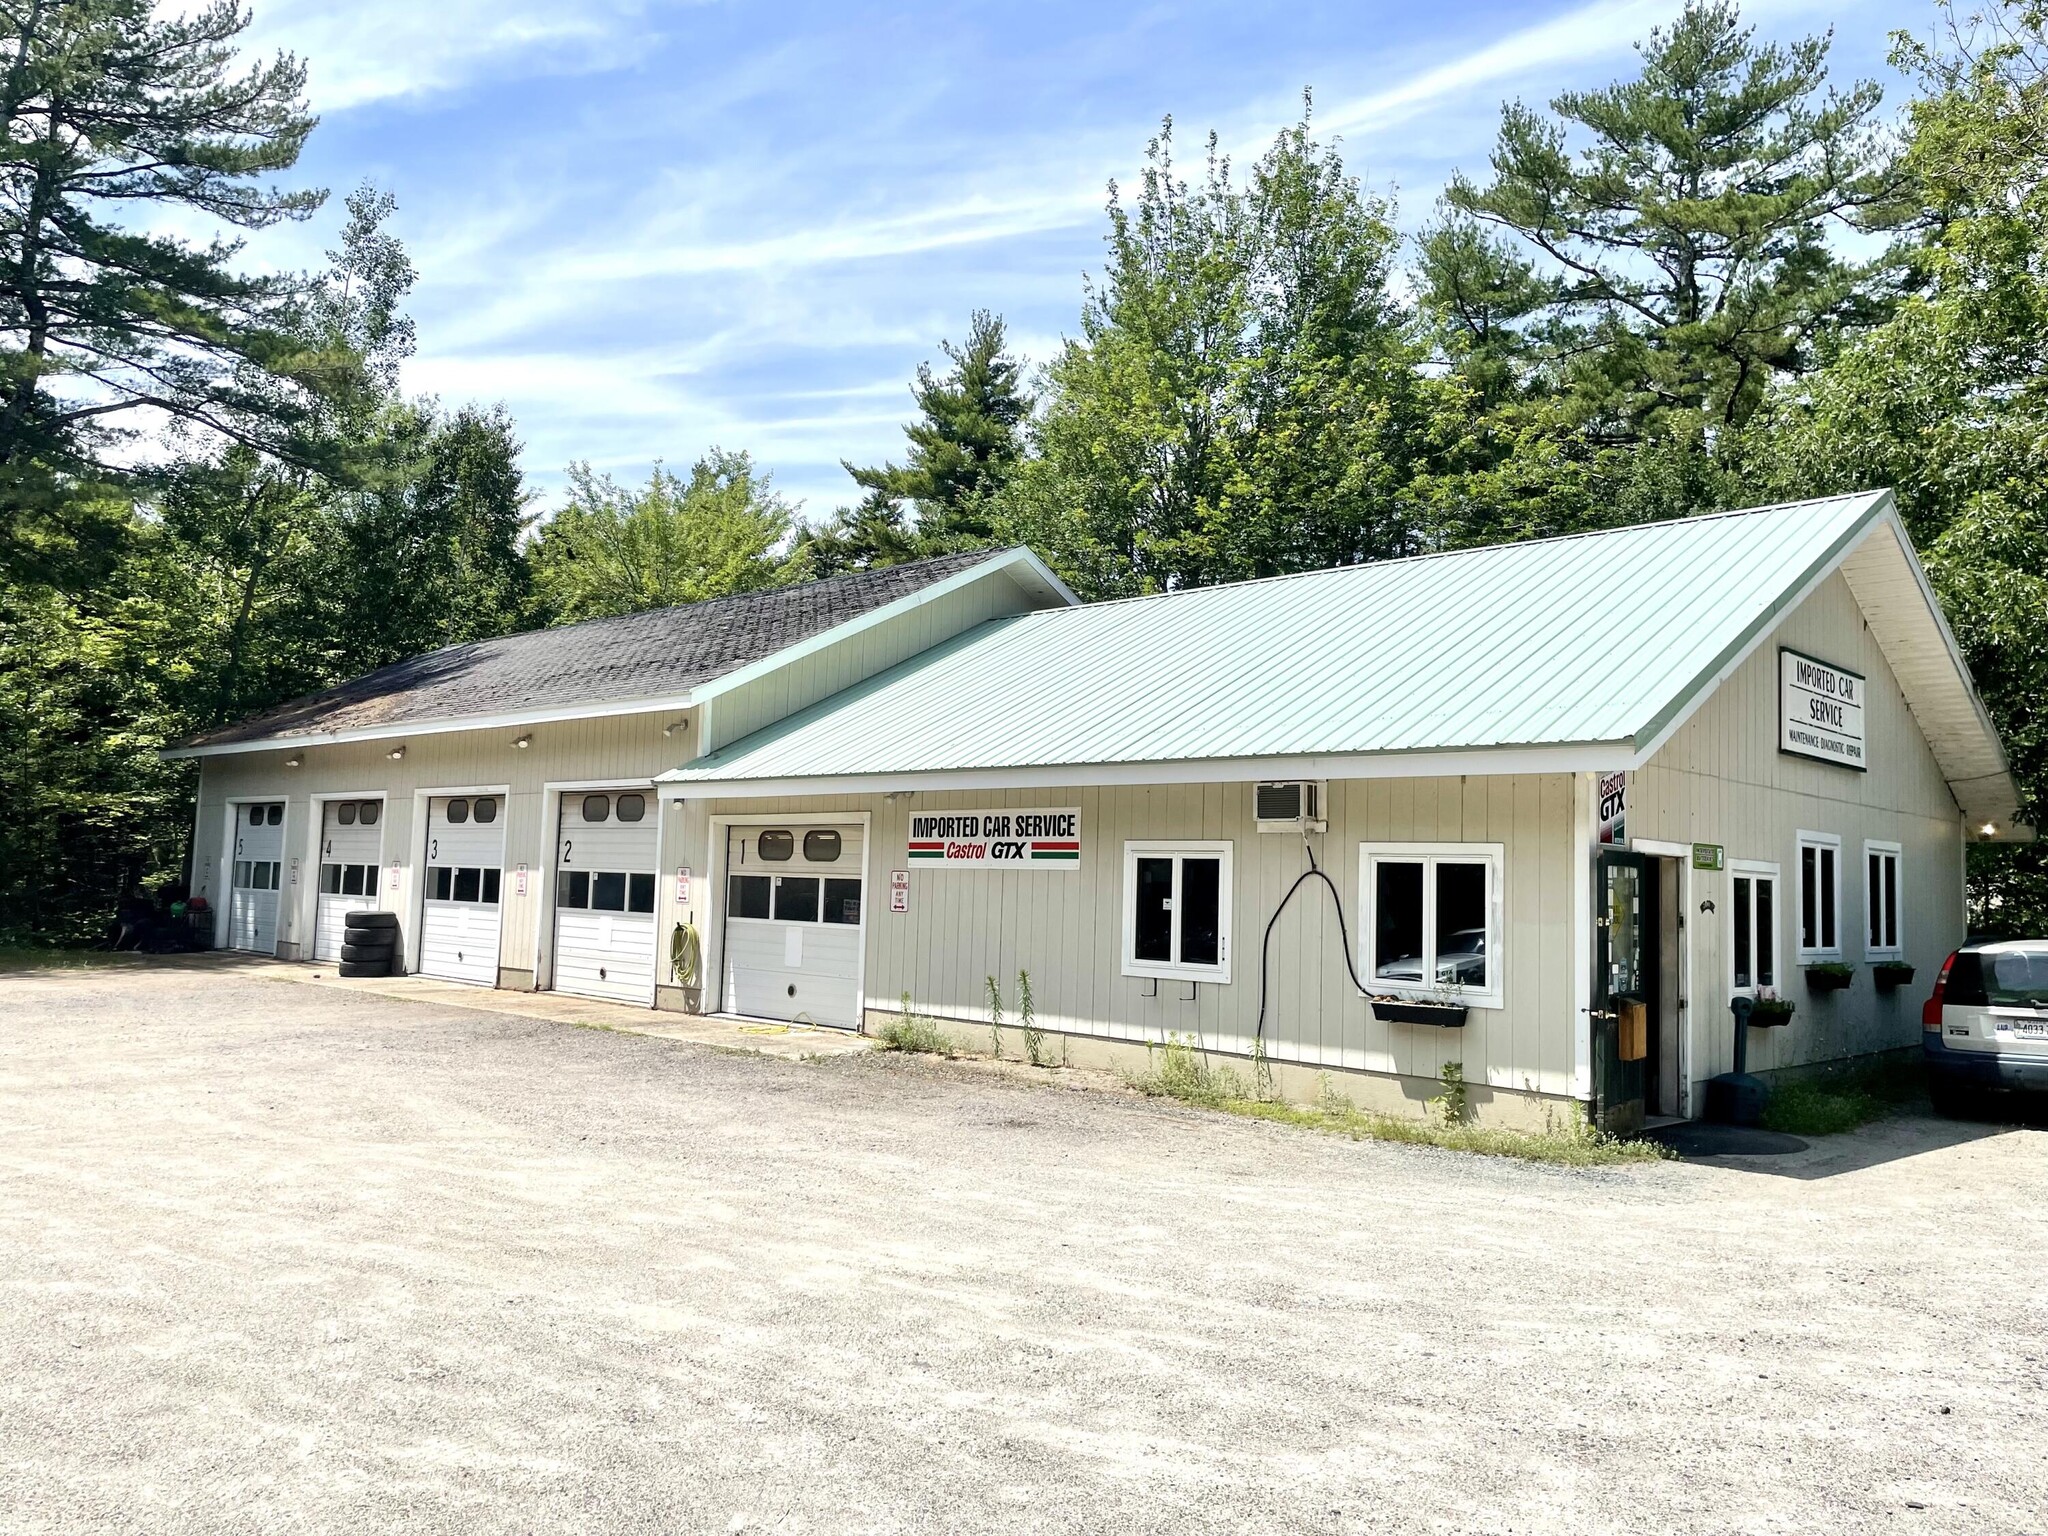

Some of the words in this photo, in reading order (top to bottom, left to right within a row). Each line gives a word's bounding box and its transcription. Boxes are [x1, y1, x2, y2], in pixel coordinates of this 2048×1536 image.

[1796, 660, 1836, 694] IMPORTED
[1838, 676, 1854, 701] CAR
[1810, 698, 1843, 728] SERVICE
[1788, 729, 1819, 748] MAINTENANCE
[1820, 737, 1845, 754] DIAGNOSTIC
[1846, 743, 1862, 759] REPAIR
[1600, 770, 1625, 799] Castrol
[1600, 787, 1625, 822] GTX
[913, 815, 980, 839] IMPORTED
[983, 816, 1011, 838] CAR
[1015, 814, 1077, 838] SERVICE
[238, 838, 244, 855] 5
[326, 839, 332, 857] 4
[431, 839, 438, 860] 3
[563, 840, 572, 863] 2
[741, 839, 746, 864] 1
[946, 841, 987, 860] Castrol
[991, 841, 1027, 860] GTX
[896, 873, 904, 881] NO
[2022, 1024, 2044, 1035] 4033
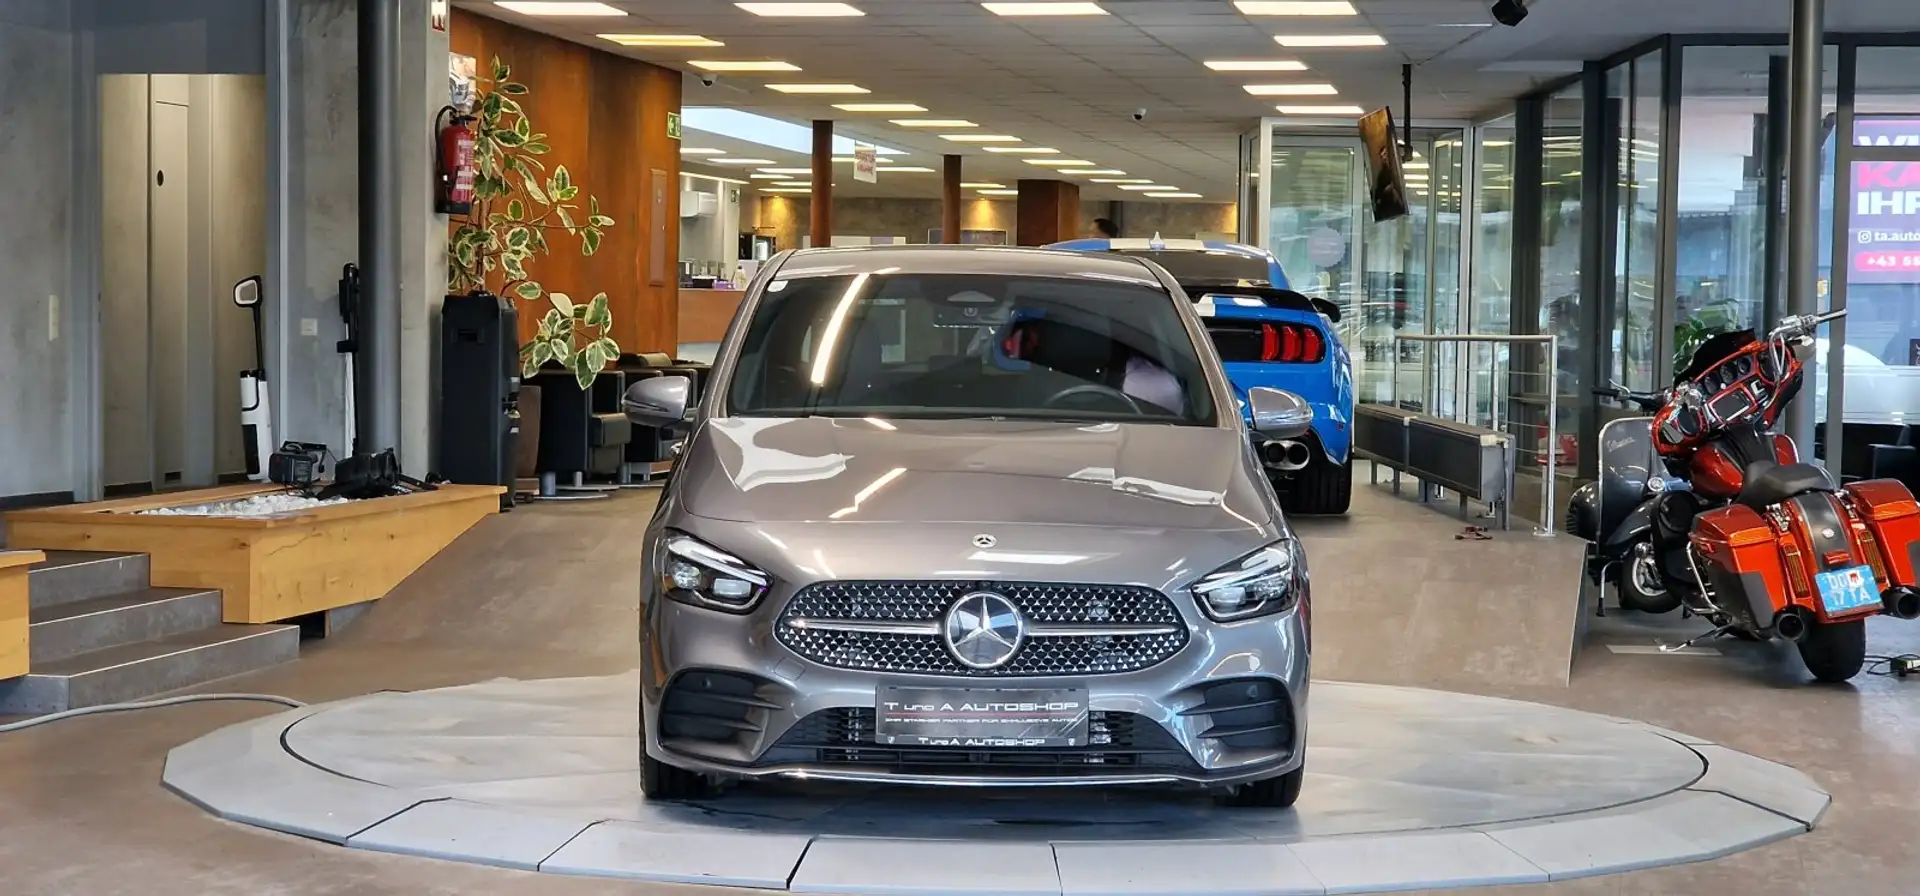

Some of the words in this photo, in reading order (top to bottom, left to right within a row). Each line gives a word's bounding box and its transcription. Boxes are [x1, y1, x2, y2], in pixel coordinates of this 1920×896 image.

[884, 702, 899, 710] T
[940, 703, 954, 711] A
[960, 702, 1079, 711] AUTOSHOP
[965, 738, 1046, 746] AUTOSHOP
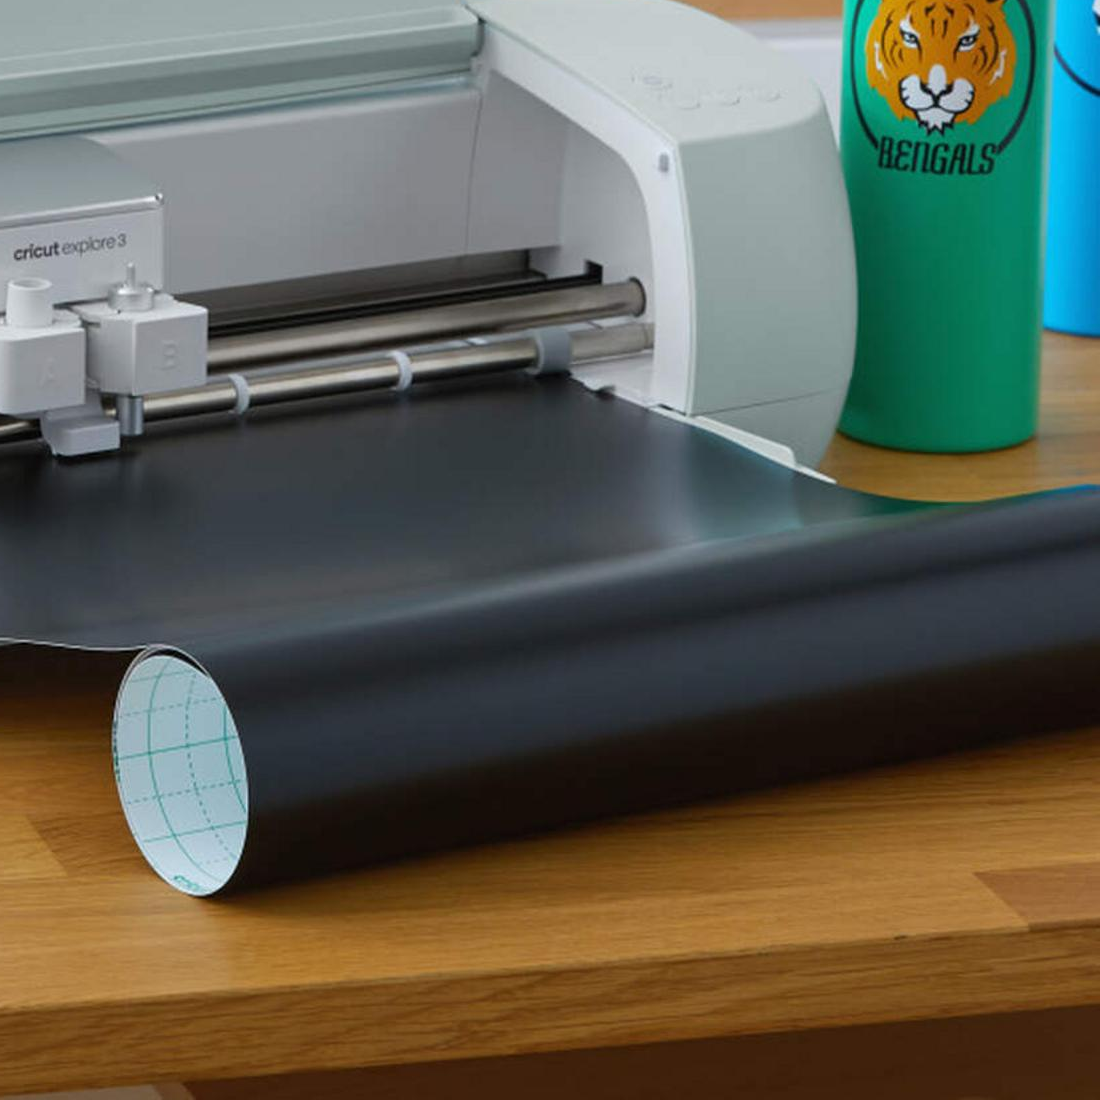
━━━━━━━━━━━━━━━━━━━━
▸ **Task details**
Every line above should be returned word for word, with the pictures left behind.

▸ **Exercise response**
Some of the words in this photo, in reading order (top to bottom, left to right within a row). Each line gives a word's bounding box and its transcription. Boxes are [x1, y1, x2, y2], in pixel coordinates of this 2048×1536 image.

[1796, 660, 1836, 694] IMPORTED
[1838, 676, 1854, 701] CAR
[1810, 698, 1843, 728] SERVICE
[1788, 729, 1819, 748] MAINTENANCE
[1820, 737, 1845, 754] DIAGNOSTIC
[1846, 743, 1862, 759] REPAIR
[1600, 770, 1625, 799] Castrol
[1600, 787, 1625, 822] GTX
[913, 815, 980, 839] IMPORTED
[983, 816, 1011, 838] CAR
[1015, 814, 1077, 838] SERVICE
[238, 838, 244, 855] 5
[326, 839, 332, 857] 4
[431, 839, 438, 860] 3
[563, 840, 572, 863] 2
[741, 839, 746, 864] 1
[946, 841, 987, 860] Castrol
[991, 841, 1027, 860] GTX
[896, 873, 904, 881] NO
[2022, 1024, 2044, 1035] 4033

Some of the words in this photo, in reading order (top to bottom, left to right within a row). Each line gives a word's bounding box and its transcription. Boxes are [x1, y1, x2, y2], in pixel coordinates of this 1920×896 image.

[884, 702, 899, 710] T
[940, 703, 954, 711] A
[960, 702, 1079, 711] AUTOSHOP
[965, 738, 1046, 746] AUTOSHOP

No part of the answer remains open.